Collected data
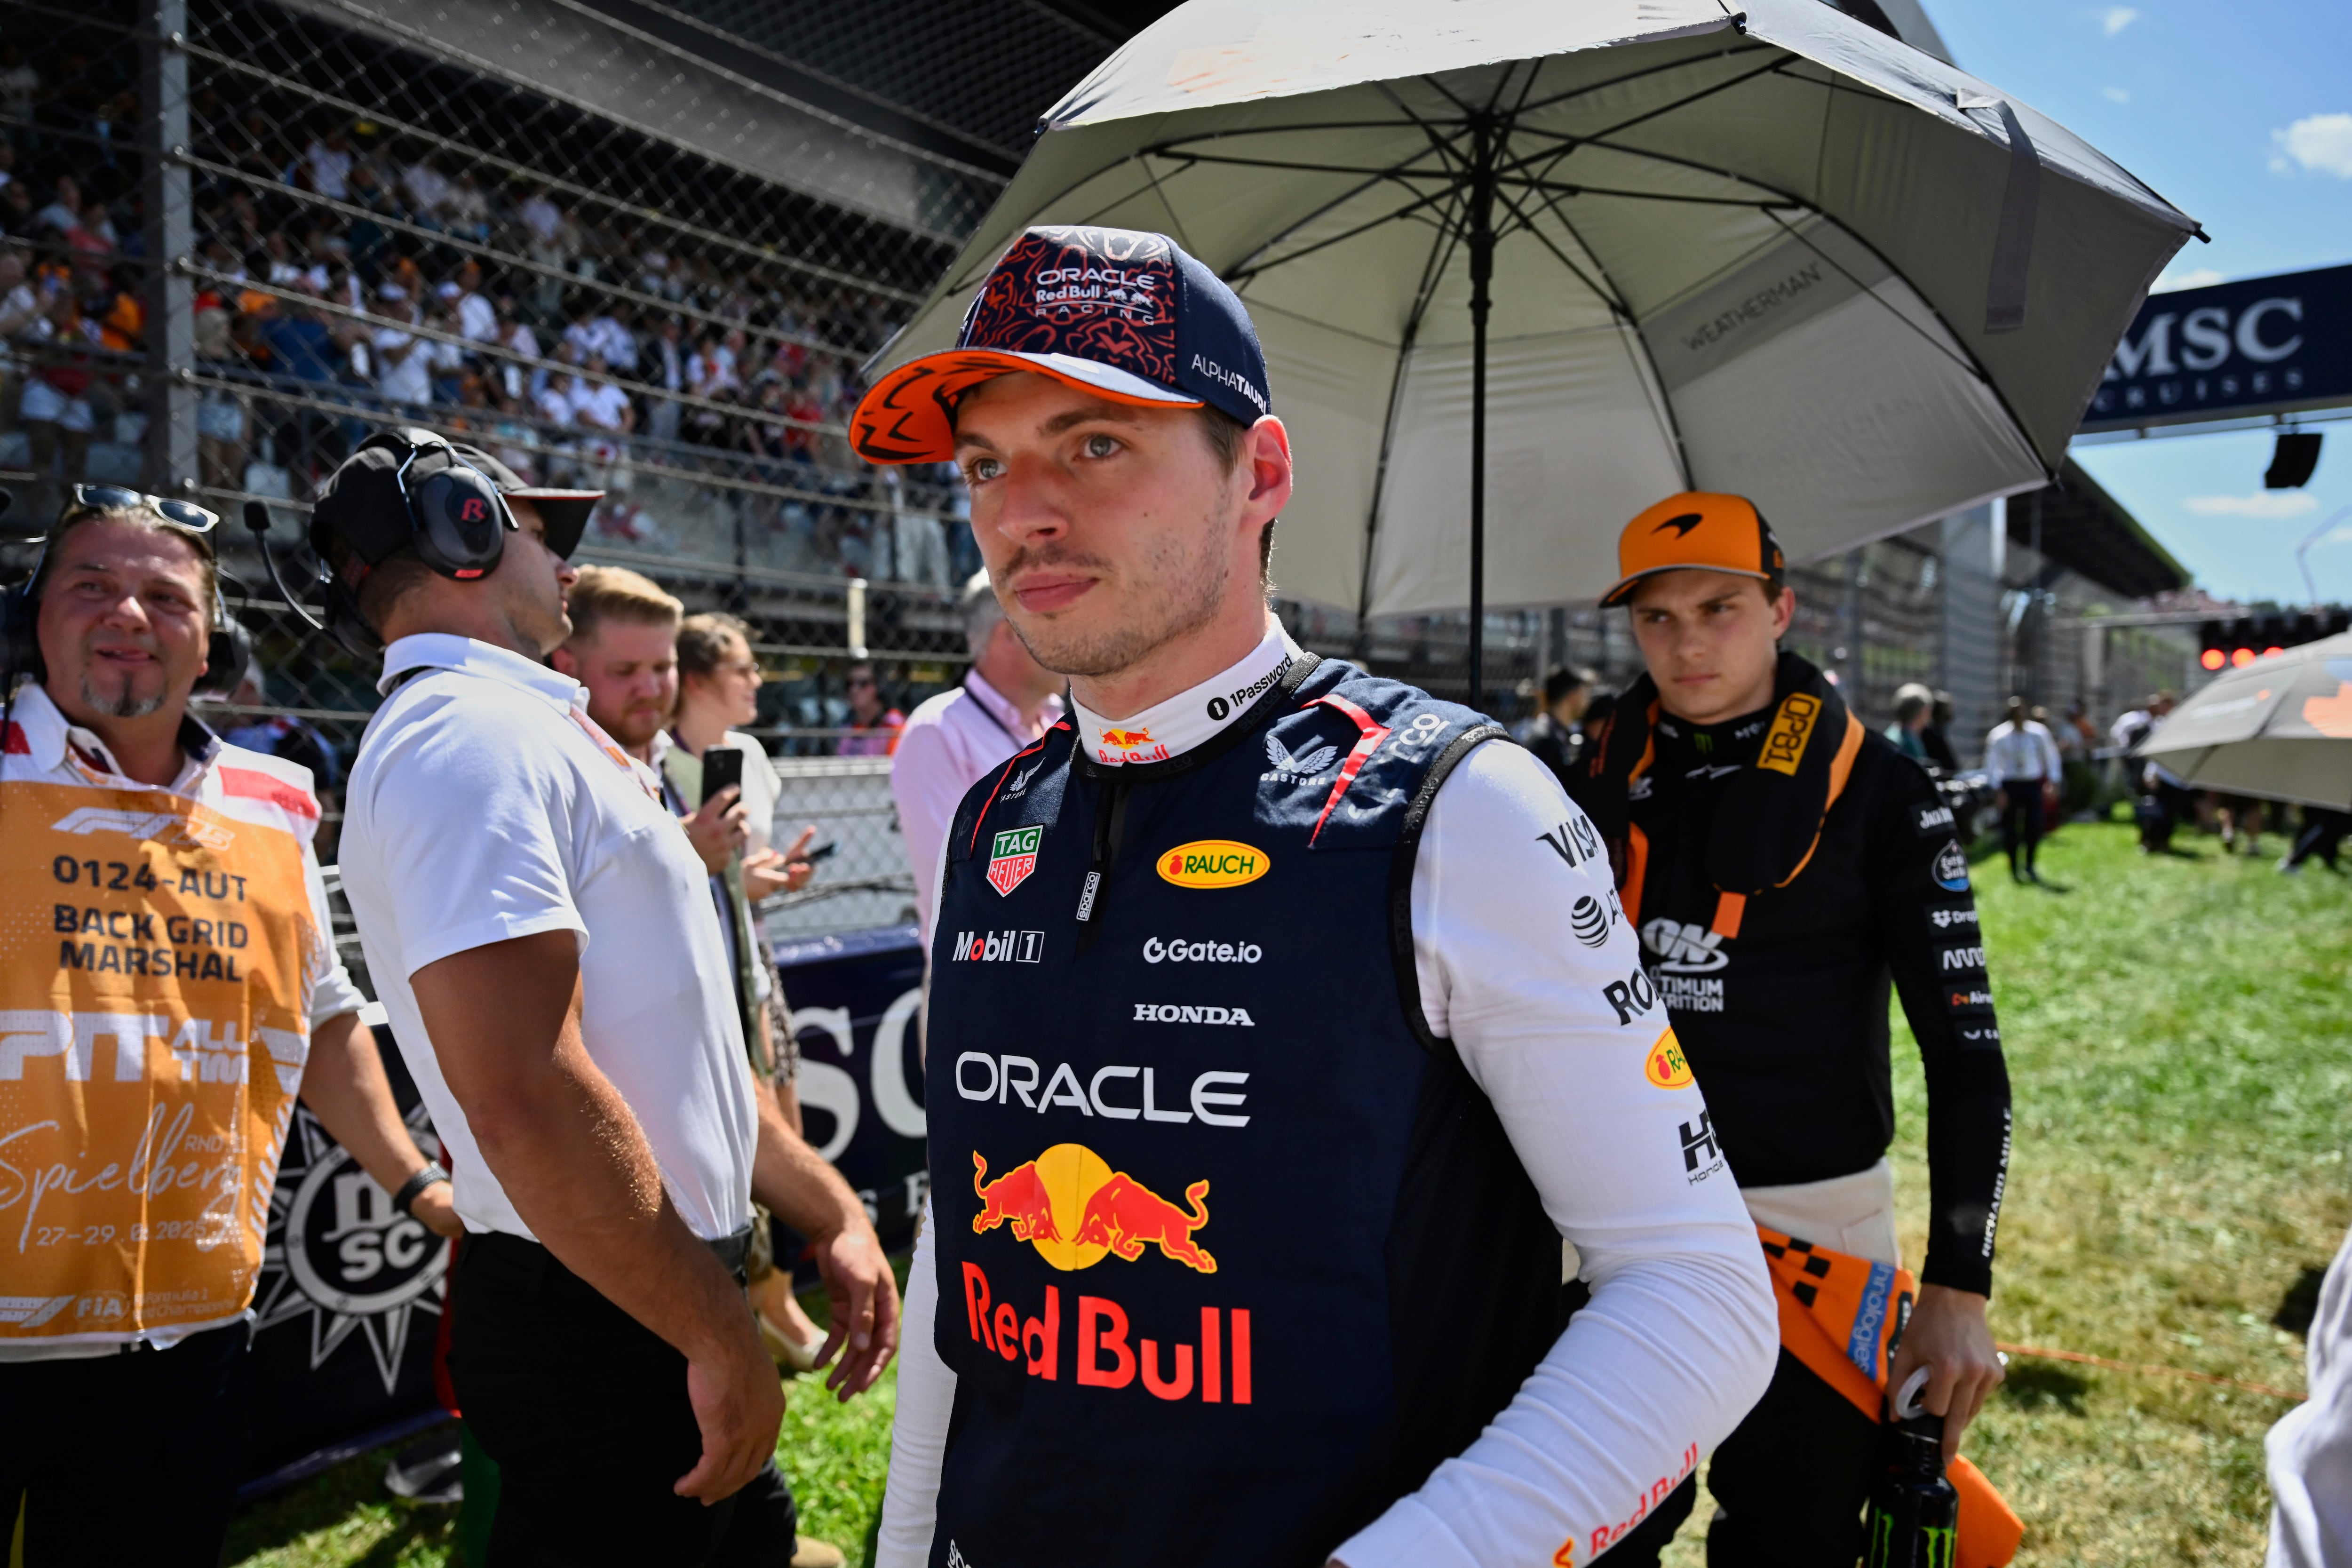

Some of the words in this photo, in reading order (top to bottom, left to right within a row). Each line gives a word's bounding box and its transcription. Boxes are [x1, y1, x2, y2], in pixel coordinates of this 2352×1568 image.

[1036, 287, 1068, 302] Red
[1069, 285, 1101, 300] Bull
[1037, 267, 1155, 289] ORACLE
[1035, 303, 1155, 326] RACING
[1680, 263, 1822, 350] WEATHERMAN
[2102, 297, 2304, 379] MSC
[1191, 353, 1267, 415] ALPHATAURI
[1230, 652, 1293, 708] 1Password
[1260, 772, 1327, 787] CASTORE
[998, 831, 1037, 855] TAG
[1535, 815, 1599, 868] VISA
[990, 857, 1033, 891] HEUER
[1184, 854, 1255, 876] RAUCH
[1078, 874, 1099, 920] sparco
[54, 904, 155, 940] BACK
[167, 915, 248, 948] GRID
[60, 940, 242, 982] MARSHAL
[952, 931, 1016, 962] Mobil
[1021, 932, 1039, 961] 1
[1168, 939, 1263, 963] Gate.io
[1133, 1003, 1255, 1027] HONDA
[955, 1051, 1251, 1128] ORACLE
[184, 1134, 224, 1153] RND
[1687, 1158, 1724, 1186] Honda
[961, 1261, 1060, 1382] Red
[1077, 1295, 1252, 1405] Bull
[1589, 1492, 1647, 1558] Red
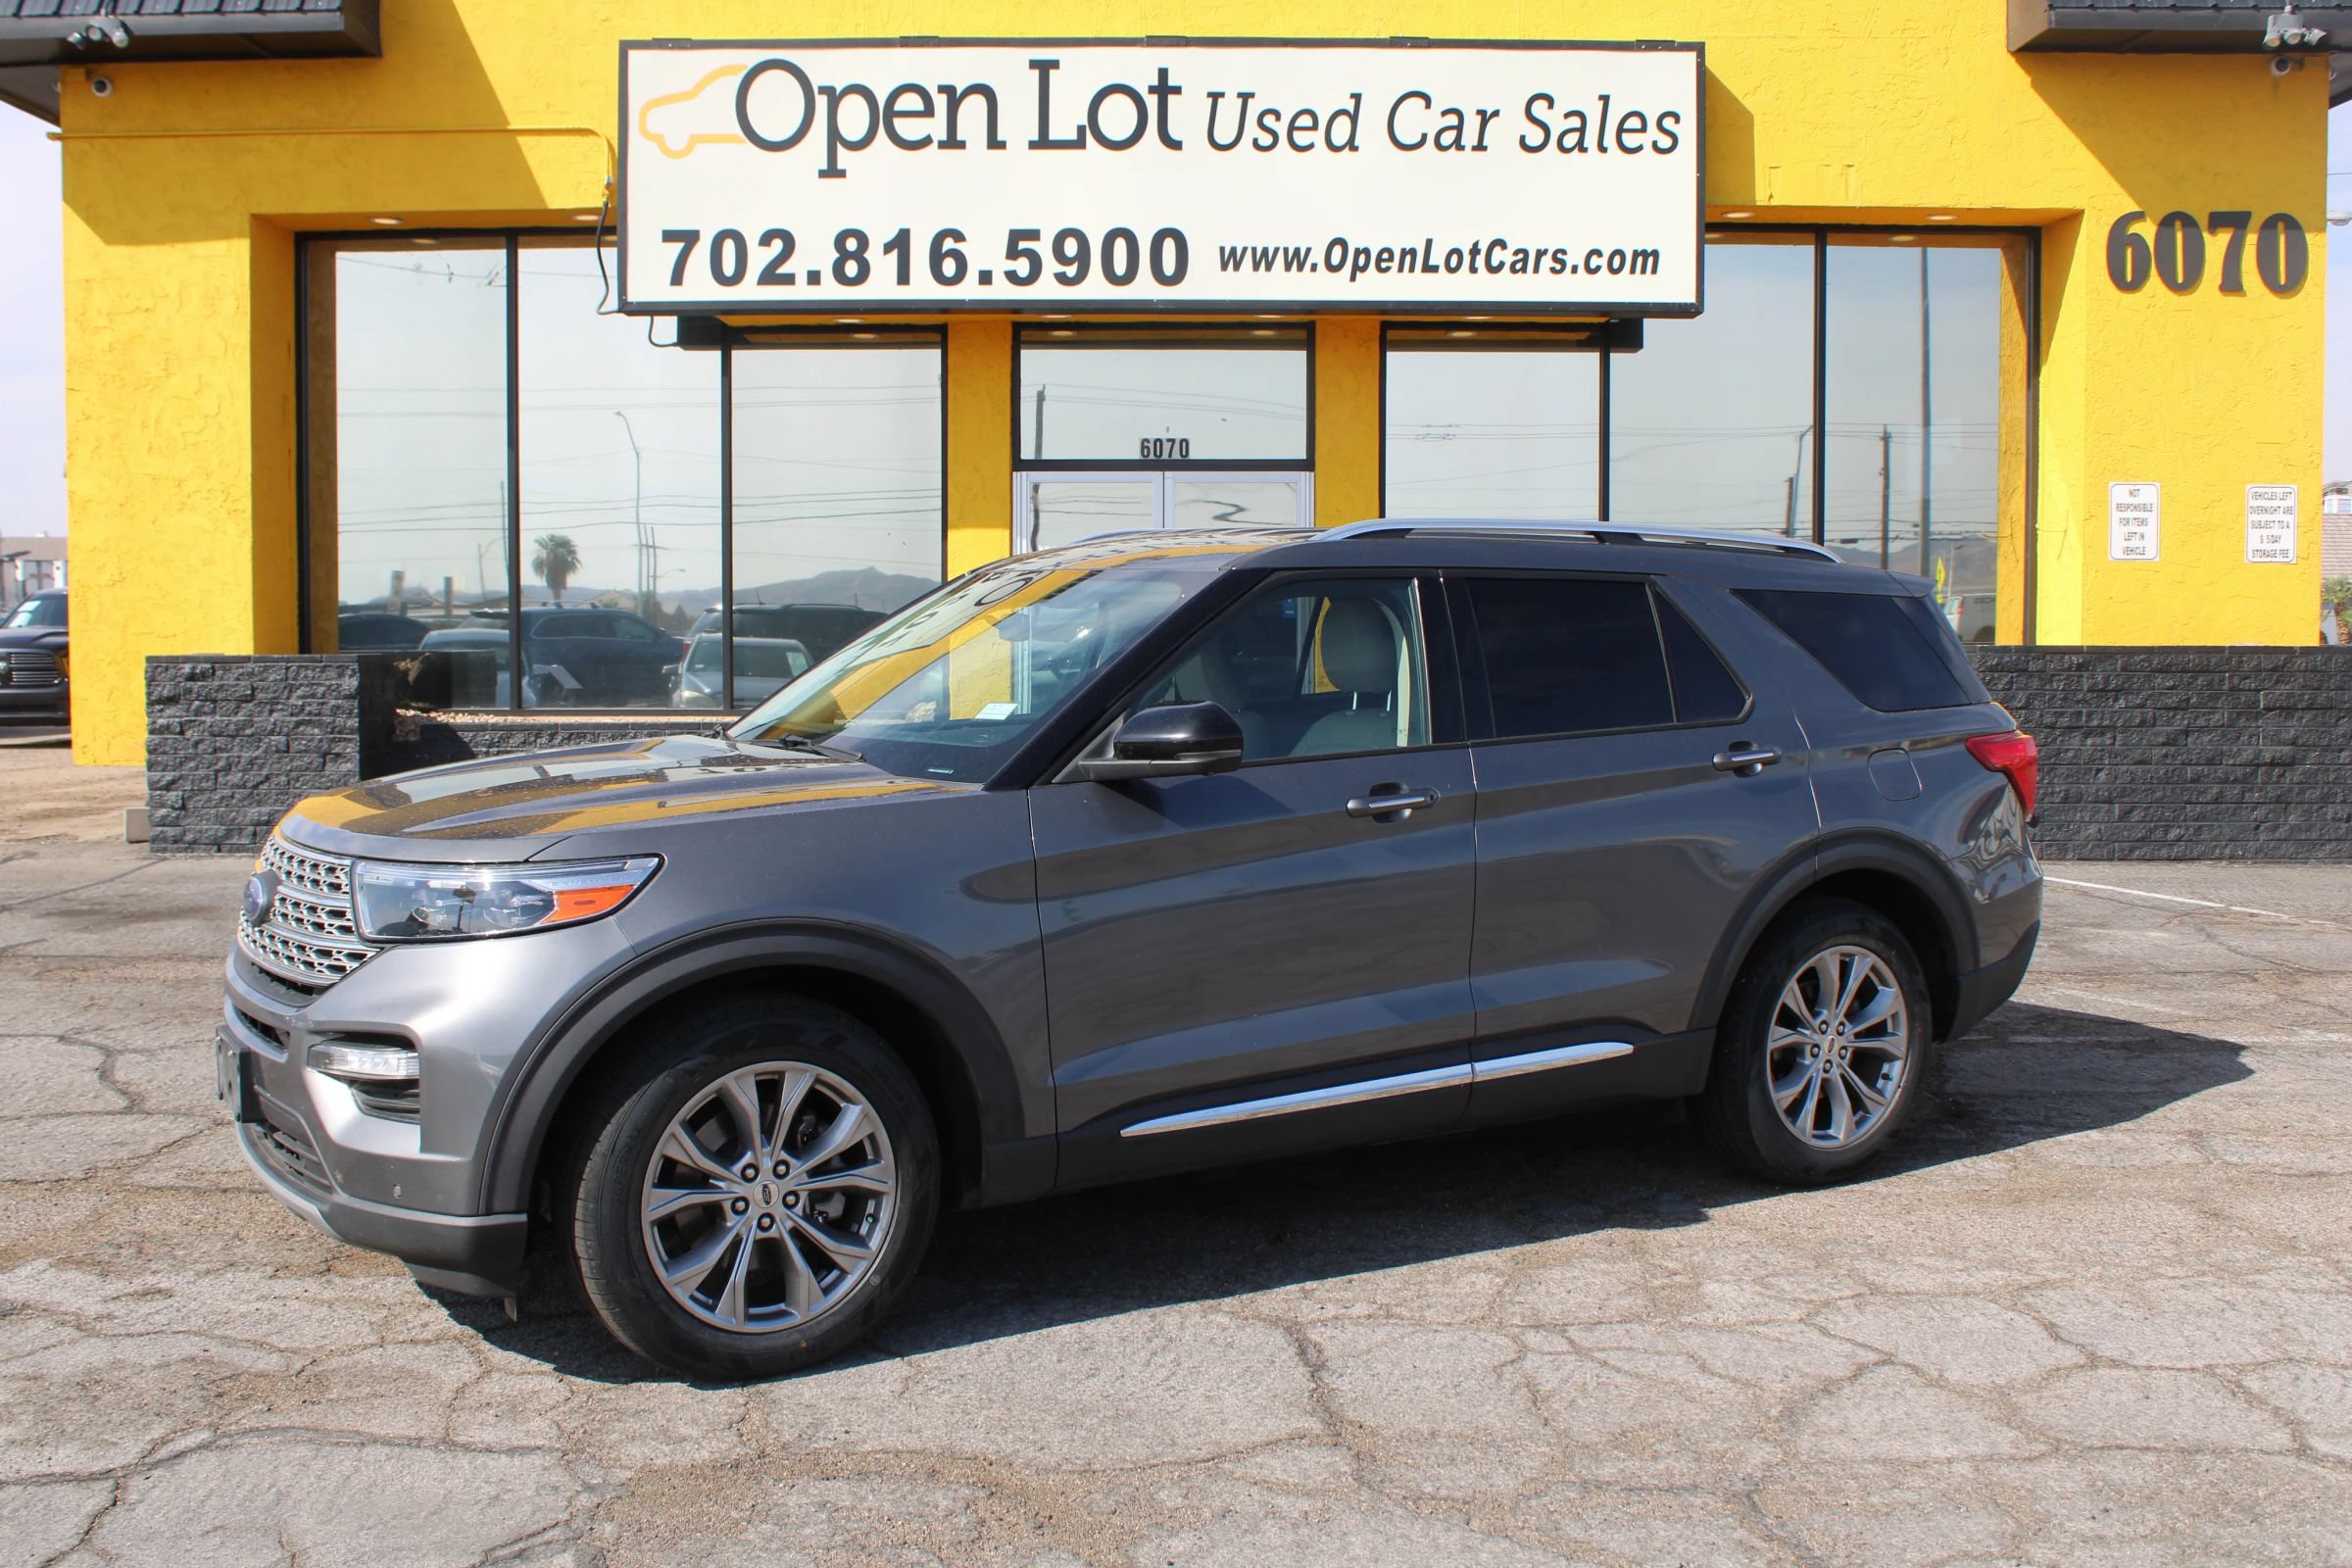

● **What you should do**
Your reply should repeat the entries above exactly, leaving the pictures out.

● **Solution for this task**
Some of the words in this photo, in reading order (top to bottom, left to right within a row). Each line gives a word's bounding box and its transcription. Boxes are [x1, y1, x2, y2], in pixel coordinates of this 2352×1568 image.

[1036, 287, 1068, 302] Red
[1069, 285, 1101, 300] Bull
[1037, 267, 1155, 289] ORACLE
[1035, 303, 1155, 326] RACING
[1680, 263, 1822, 350] WEATHERMAN
[2102, 297, 2304, 379] MSC
[1191, 353, 1267, 415] ALPHATAURI
[1230, 652, 1293, 708] 1Password
[1260, 772, 1327, 787] CASTORE
[998, 831, 1037, 855] TAG
[1535, 815, 1599, 868] VISA
[990, 857, 1033, 891] HEUER
[1184, 854, 1255, 876] RAUCH
[1078, 874, 1099, 920] sparco
[54, 904, 155, 940] BACK
[167, 915, 248, 948] GRID
[60, 940, 242, 982] MARSHAL
[952, 931, 1016, 962] Mobil
[1021, 932, 1039, 961] 1
[1168, 939, 1263, 963] Gate.io
[1133, 1003, 1255, 1027] HONDA
[955, 1051, 1251, 1128] ORACLE
[184, 1134, 224, 1153] RND
[1687, 1158, 1724, 1186] Honda
[961, 1261, 1060, 1382] Red
[1077, 1295, 1252, 1405] Bull
[1589, 1492, 1647, 1558] Red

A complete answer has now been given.